To be honest, I've got Web Banner Design Blog Blues today.
It's Monday. One day, four more to go. Everyone has got their noses stuck to their computer screens. Music vaguely sounds from someone's speakers. Six sentences and I haven't said anything relevant about we banners. Seven sentences and I feel I have to say something on the matter or it would be rude to waste your time with my digressions.
Ever since I began writing about web banners and other Bannerhero.com products, I've learned a lot, not only about what we do or the business field we do it for. I've chosen topics that concern me and found the links with web banners, social profile page designs and such. It's been a long way, but there's a longer way to go.
I think today it's time to stop and ponder a little about a massive marketing tool that's been with us for a while now.
1. Futuristic Nostalgia
I recently watched Donnie Darko (for the millionth time, I guess), one of my favorite films of all times. It's odd, but half of the movie is not... uh... within the movie, but in the website.
One of the things that really caught my eye was that the film site emulates old GIF animated banners in some of the contents (mostly, Flash-made HTML web page emulations from a fictional online newspaper). Can you believe it made me feel a bit nostalgic?
I still cannot believe we're about to begin a new decade. I was eighteen years old, dreaming of a future not different from Japan nowadays. I was eighteen, my hair was dyied jet black and I wore combat boots to school. I refuse to believe I've changed that much (though the mirror proves me wrong all the time). But what made me wonder was: I felt nostalgic when I saw a web banner. That was probably one of my first online reminiscence in almost fifteen years!
Web banners have gone a long way, yet they've become kind of uniform throughout the years. Could it be that web banners and online marketing will be integrated to our memories as some TV ads and posters have?
2. On the Subject of Contents
There's still loads of "magical thinking" concerning the production of contents. The success of SEO-oriented campaigns made our heads turn. We've seen the cases of newspapers that have multiplied their viewers by using Search Engine Optimization.
In the end, SEO is a tool. It won't replace research, it won't replace the principles of journalism. It must never be used instead of content quality and it should always be meant to create participation and communities around the sites, products and services we're trying to promote.
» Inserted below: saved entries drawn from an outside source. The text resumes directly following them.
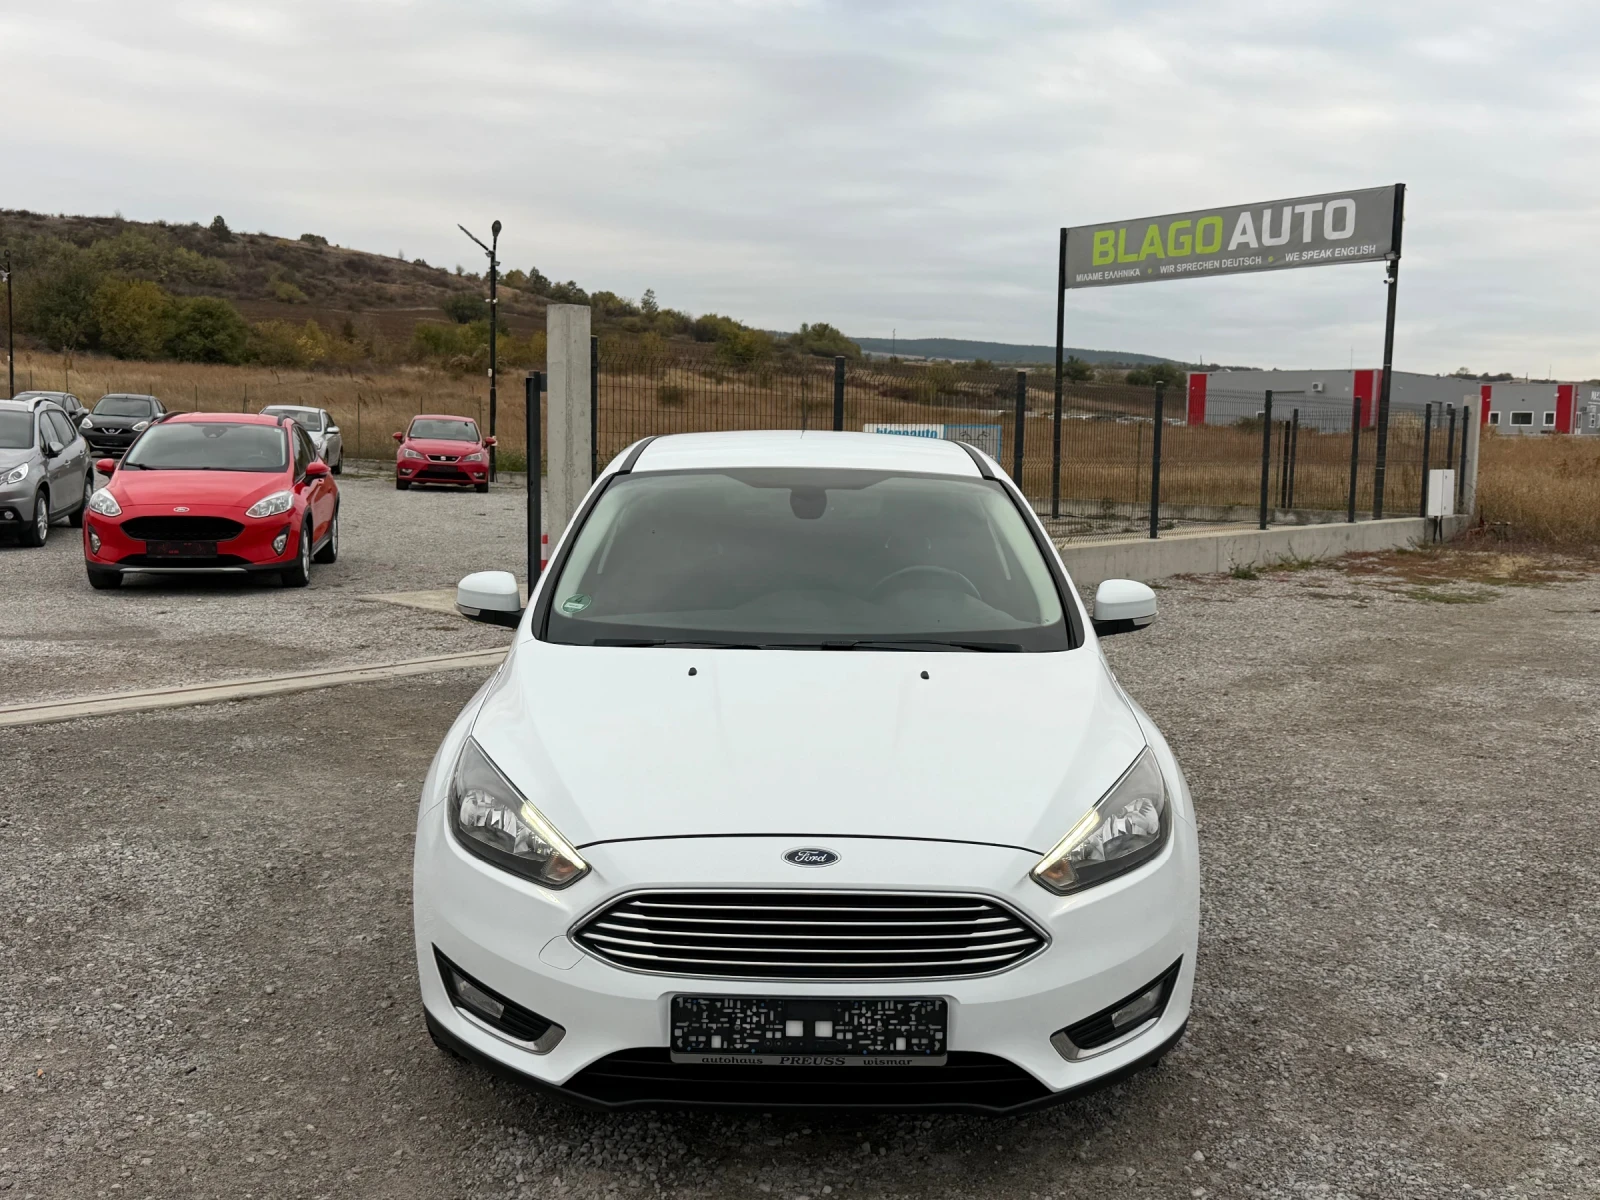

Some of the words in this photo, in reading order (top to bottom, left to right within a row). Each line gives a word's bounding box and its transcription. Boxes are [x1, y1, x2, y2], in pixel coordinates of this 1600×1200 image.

[1092, 215, 1223, 266] BLAGO
[1227, 198, 1356, 251] AUTO
[1285, 251, 1300, 262] WE
[1301, 248, 1333, 260] SPEAK
[1334, 244, 1376, 257] ENGLISH
[1160, 264, 1175, 274] WIR
[1176, 261, 1220, 273] SPRECHEN
[1221, 256, 1262, 268] DEUTSCH
[794, 850, 828, 862] Ford
[701, 1056, 763, 1065] autohaus
[779, 1056, 846, 1066] PREUSS
[862, 1058, 912, 1066] wismar
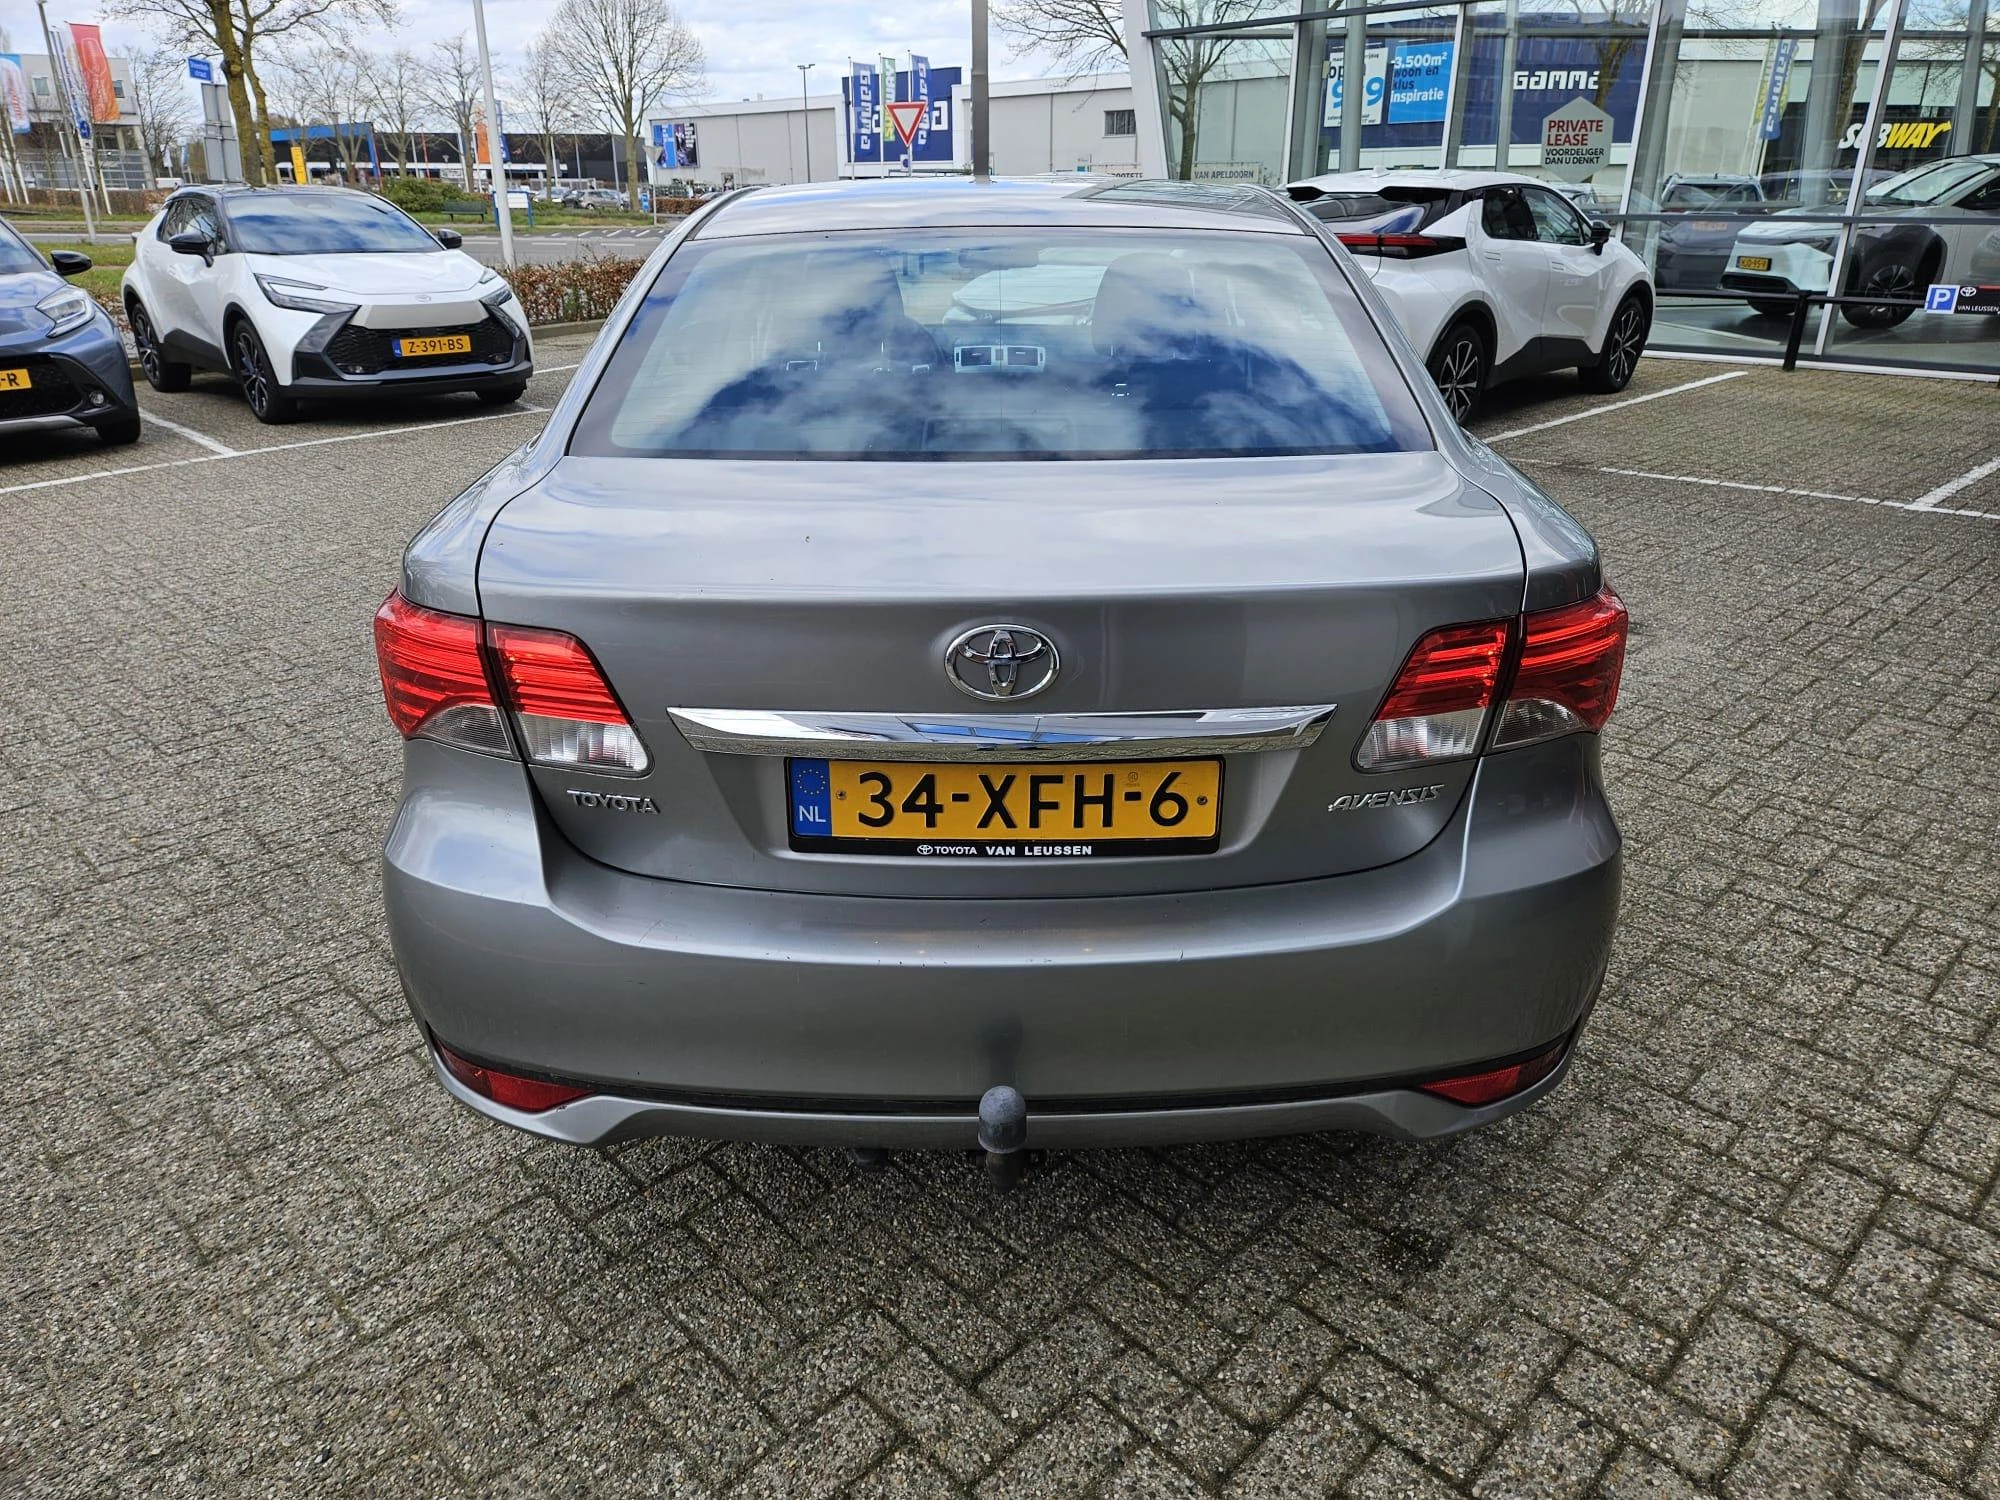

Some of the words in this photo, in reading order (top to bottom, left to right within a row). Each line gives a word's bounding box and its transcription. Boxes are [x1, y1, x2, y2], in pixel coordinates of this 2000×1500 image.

It's kind of naive to bet all of your money on one horse. Just like those books that list tons of pre-made slogan ideas cannot replace a creative process, web contents can never be made based on formulas. We human beings are unpredictable.
3. Update. Now. Time's up
Yes: I've played Simon, I had lots of Teenage Mutant Ninja Turtles - related merchandise, spent a hefty portion of my youth at the Arcade playing videogames and had fancy Reebok Pump snearkers (Though I was never good at sports...)
Did these things helped me to be here and now? To be honest, I've got no clue. It's the kind of outcome you cannot predict because past, present and future in one's life are crammed together and it's kind of hard to see it from the inside, the now.
People feel the same about old ads. They were probably great ideas then, when hopes were high and brains were strained from massive brainstorming. Will they help you attain your marketing goals? Will they take you from A to B?
Sometimes, the easiest way is to close gaps and connect dots. Renew your web ad campaign trying to stay closer to your goals than to your original idea.
4. On The Subject of Banners that Sound Every Time You Run the Pointer Through Them
Who the Hell thought that it was a good idea? Ugh...
5. Pop-Ups
I know that, sometimes, displaying a new window in order to access new content is helpful. It goes well with the way most of our Operative Systems work. New windows spare us from scrolling further down or up, wasting time as we look for a wee bit of information. I find that kind of pop-up window to be useful, desireable even.
However, I think it is a lack of respect to have pop-up windows that pretty much attack the viewer with unwanted content, malware, spreads that take entire windows and demand personal information, with Java scripts that block the site until we click on those nasty things.
We FLEE from people with megaphones, we stay away from park mimes, I personally dislike people wearing chicken costumes in front of restaurants and avoid raising my voice whenever I'm having an argument with someone. Why do people still think that being all over the place is the same as being right?